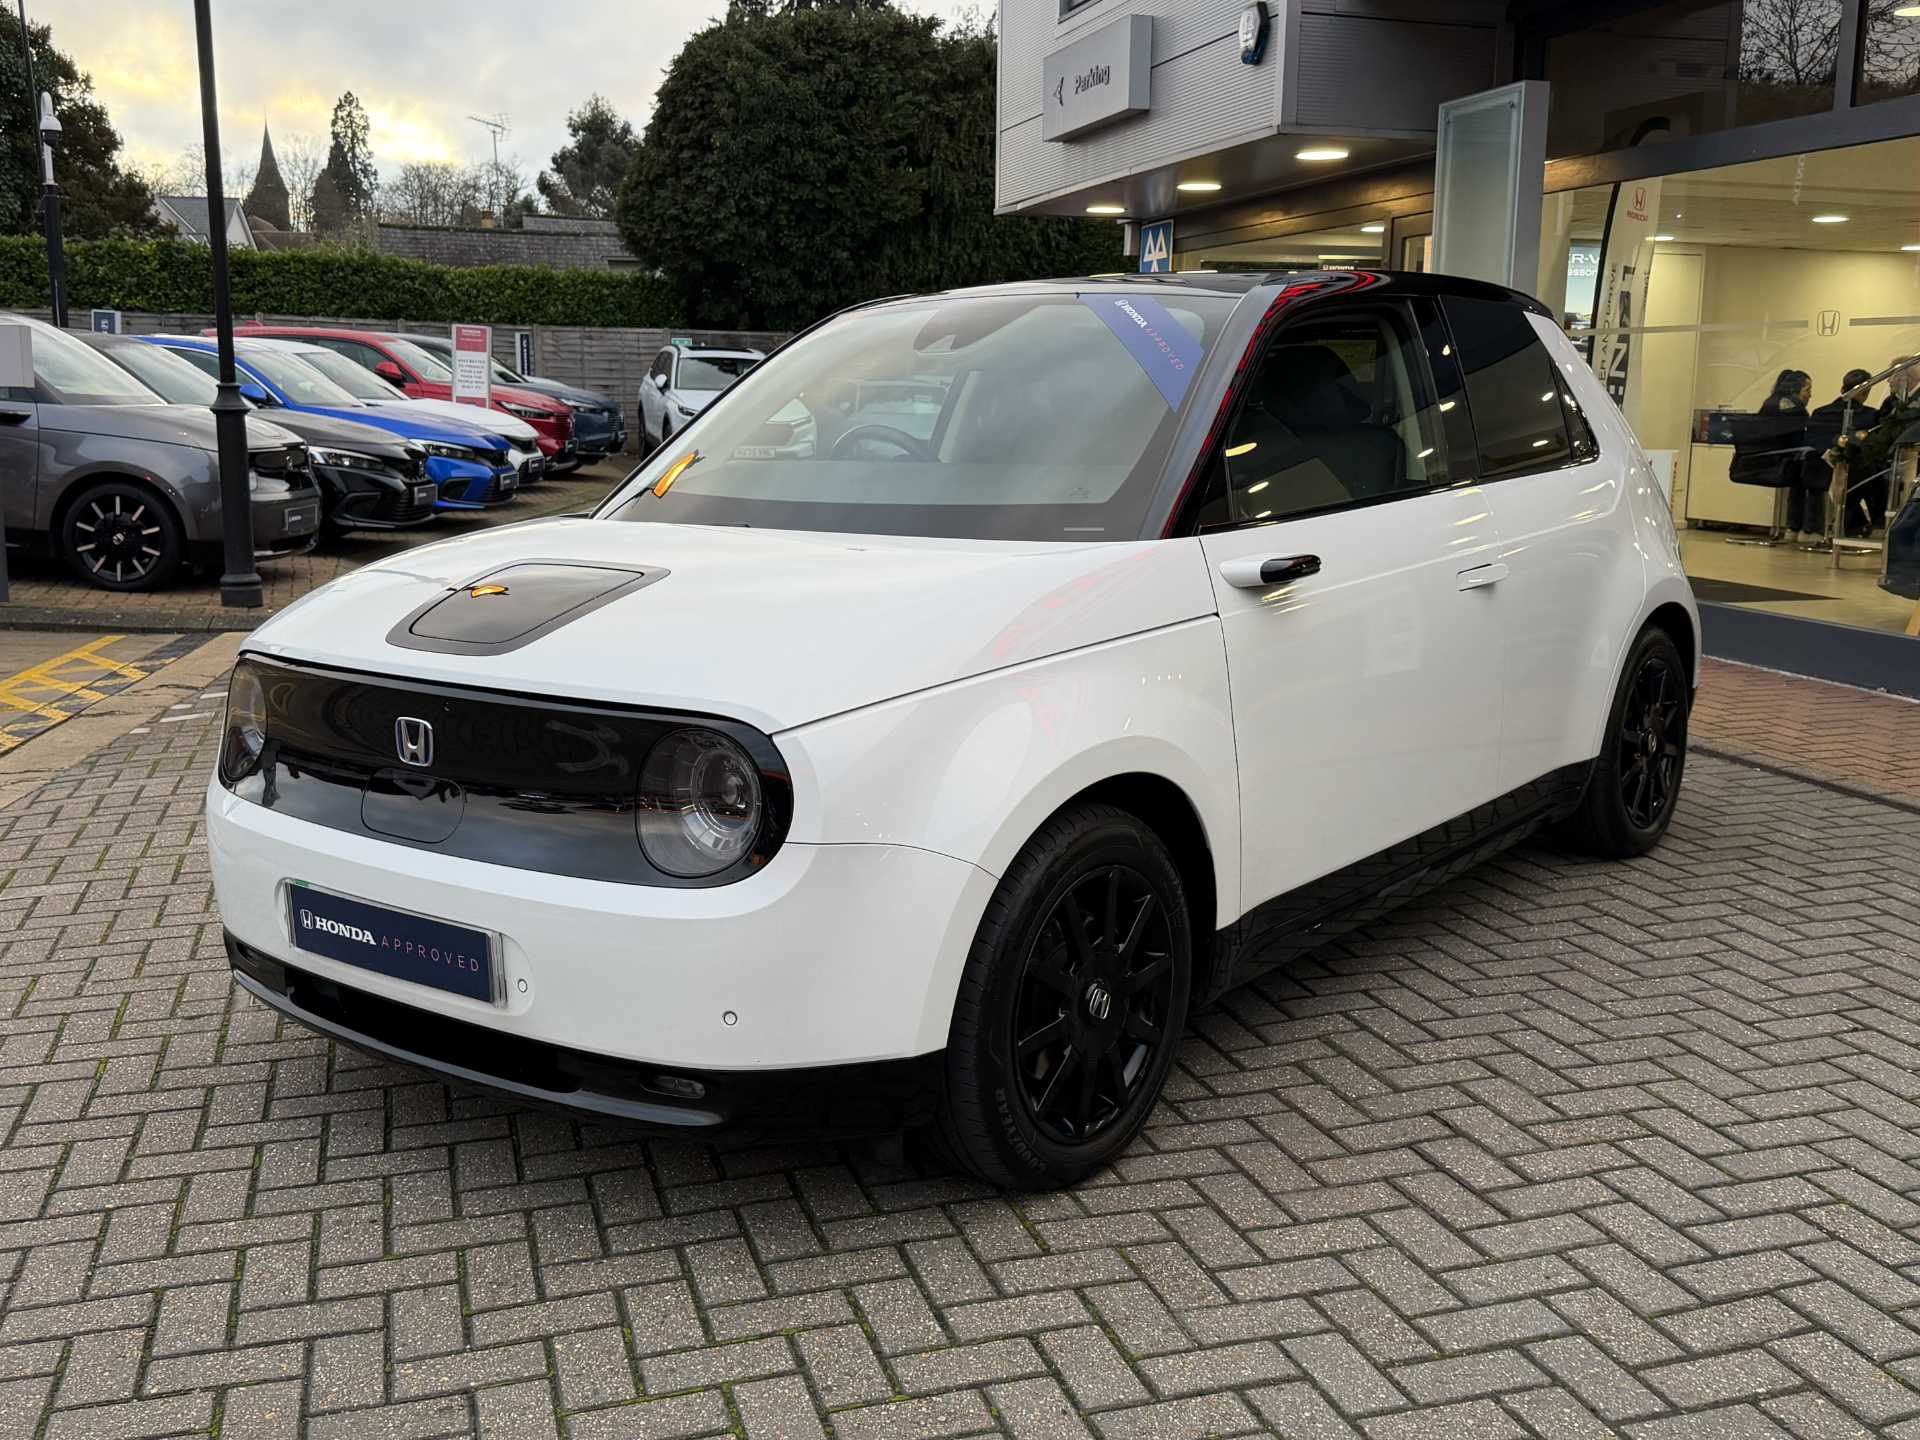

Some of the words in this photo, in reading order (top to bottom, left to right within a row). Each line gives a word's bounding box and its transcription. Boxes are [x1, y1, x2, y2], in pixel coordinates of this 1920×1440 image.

[1075, 65, 1110, 95] Parking
[1568, 253, 1600, 265] R-V
[1121, 303, 1148, 328] HONDA
[1145, 328, 1184, 370] APPROVED
[314, 915, 377, 946] HONDA
[381, 935, 480, 972] APPROVED
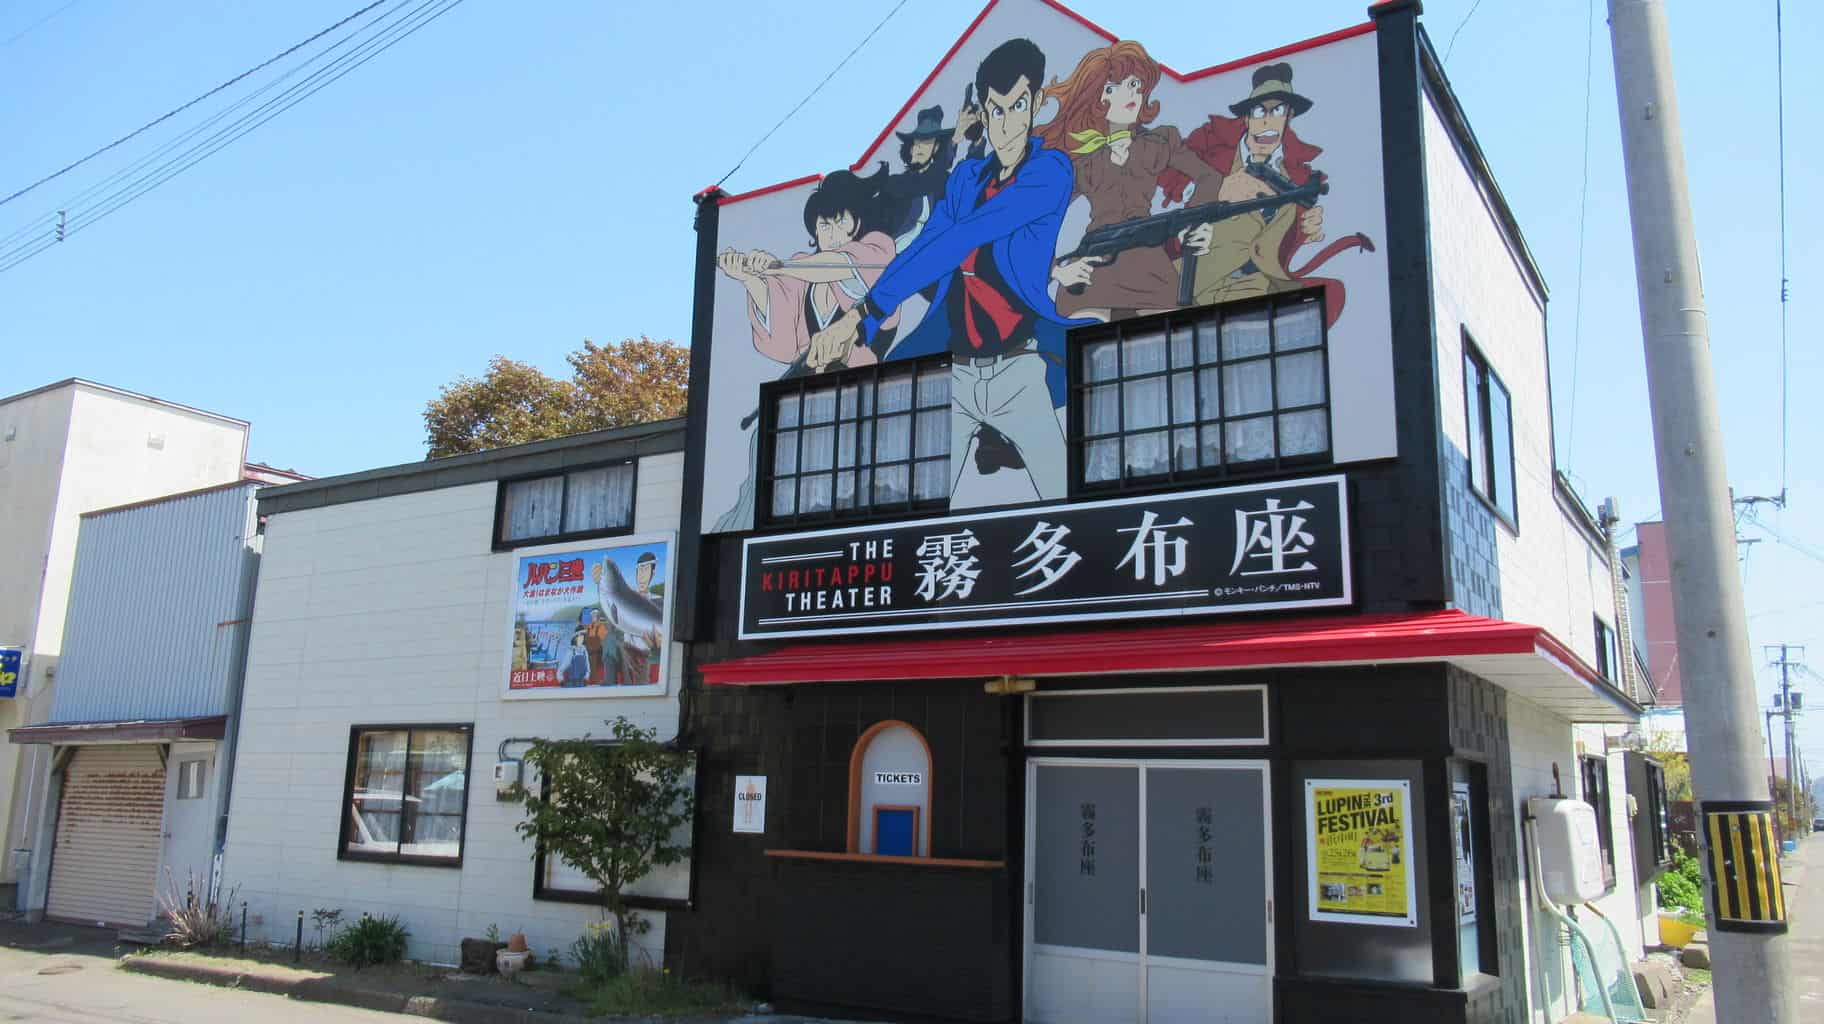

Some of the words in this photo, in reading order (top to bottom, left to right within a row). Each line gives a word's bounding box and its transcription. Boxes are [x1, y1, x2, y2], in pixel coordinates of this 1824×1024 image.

[850, 539, 893, 561] THE
[914, 498, 1318, 601] 霧多布座
[761, 563, 893, 592] KIRITAPPU
[785, 586, 892, 612] THEATER
[877, 773, 921, 783] TICKETS
[1317, 794, 1362, 816] LUPIN
[1374, 792, 1393, 807] 3rd
[1318, 807, 1395, 835] FESTIVAL
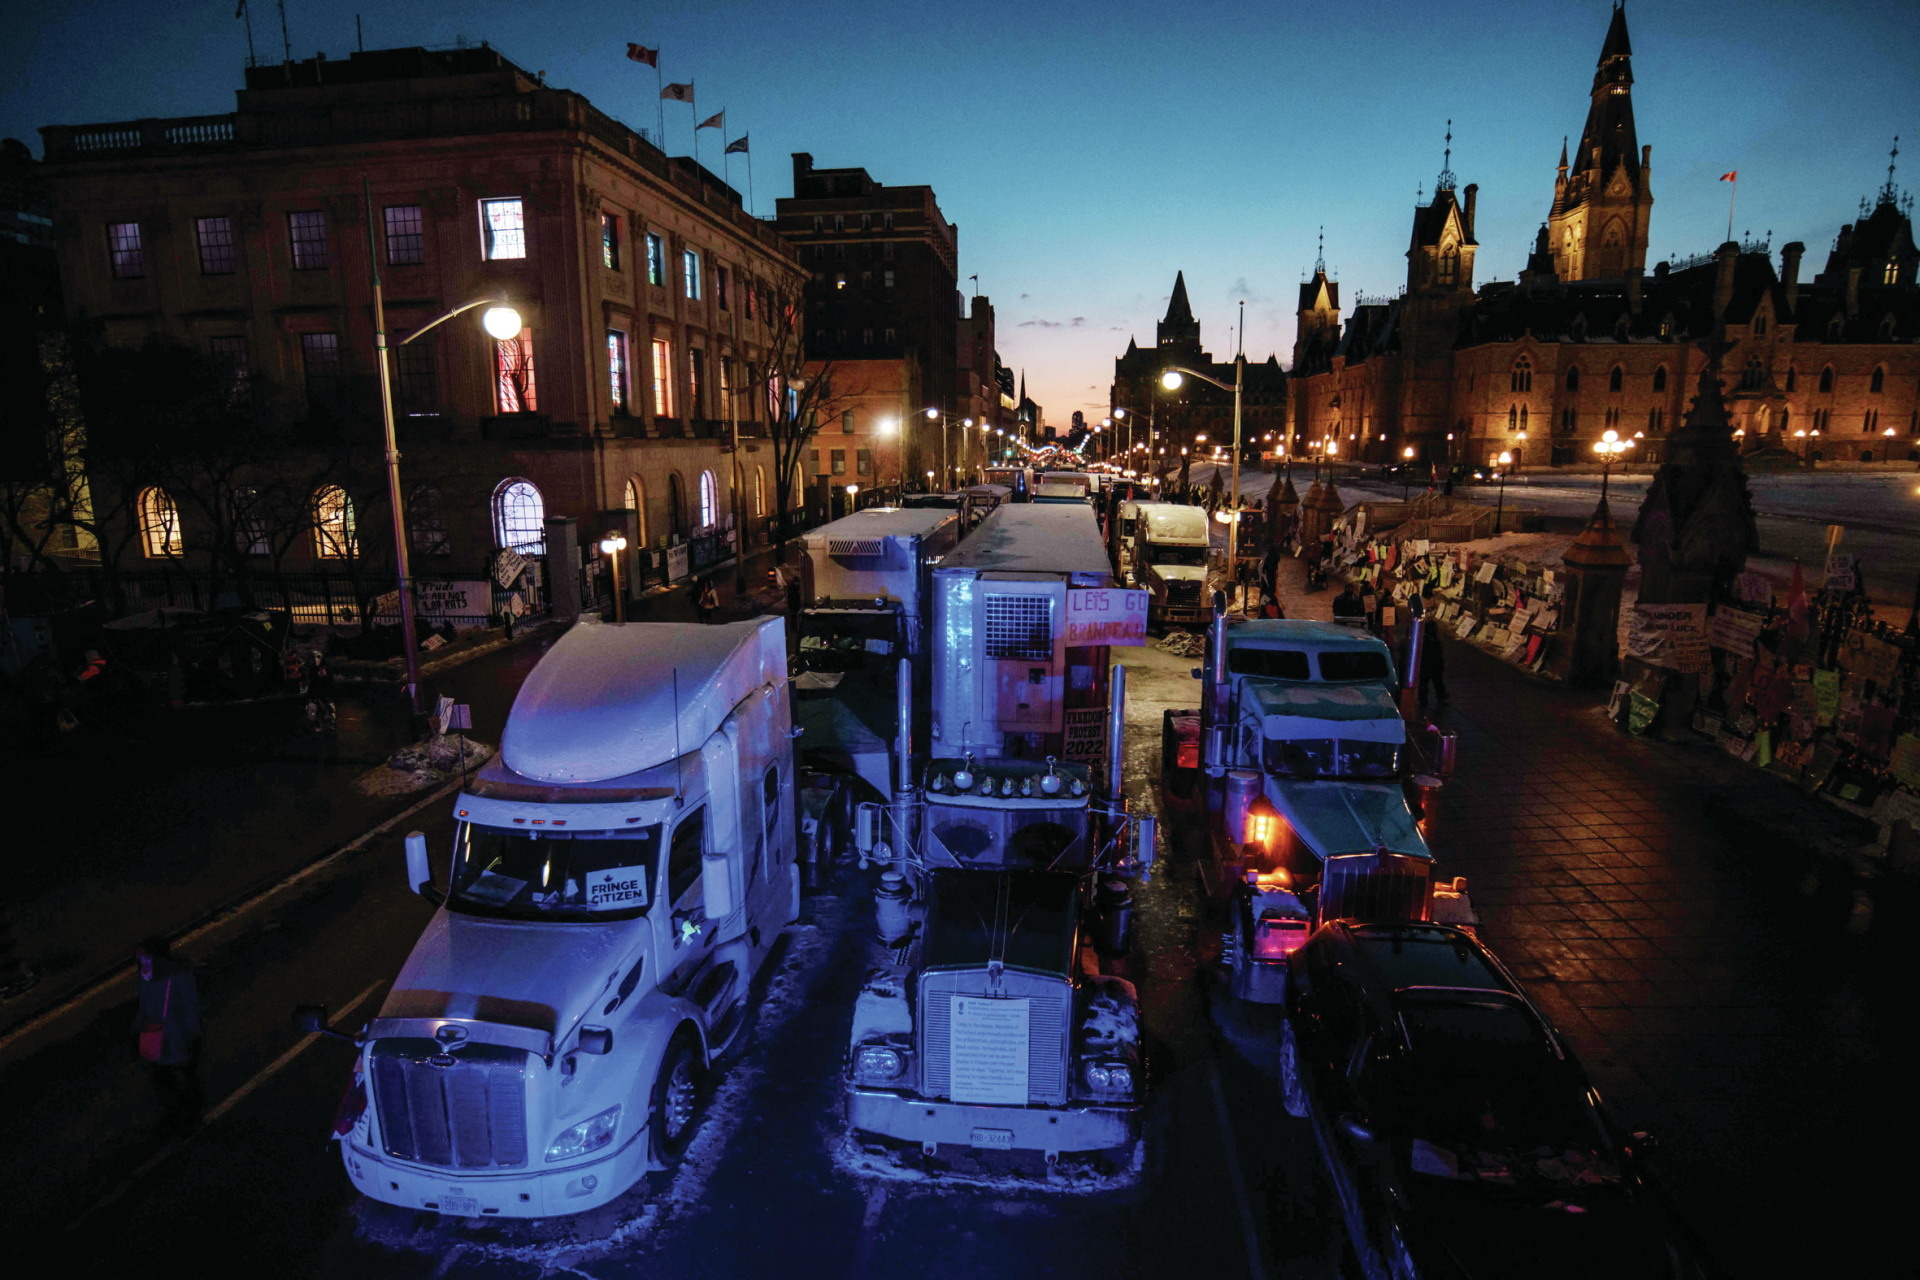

_____

**Work item:**
Begin at the line that contains "this 1824×1024 image." and transcribe every line through the end of the listing, exactly as written. Omit the pictures.

**Solution to this problem:**
Some of the words in this photo, in reading order (top to bottom, left to right within a row). Each line gives a word's bounding box and its transcription. Boxes are [x1, y1, x2, y2], in pixel coordinates of this 1824×1024 image.

[850, 539, 893, 561] THE
[914, 498, 1318, 601] 霧多布座
[761, 563, 893, 592] KIRITAPPU
[785, 586, 892, 612] THEATER
[877, 773, 921, 783] TICKETS
[1317, 794, 1362, 816] LUPIN
[1374, 792, 1393, 807] 3rd
[1318, 807, 1395, 835] FESTIVAL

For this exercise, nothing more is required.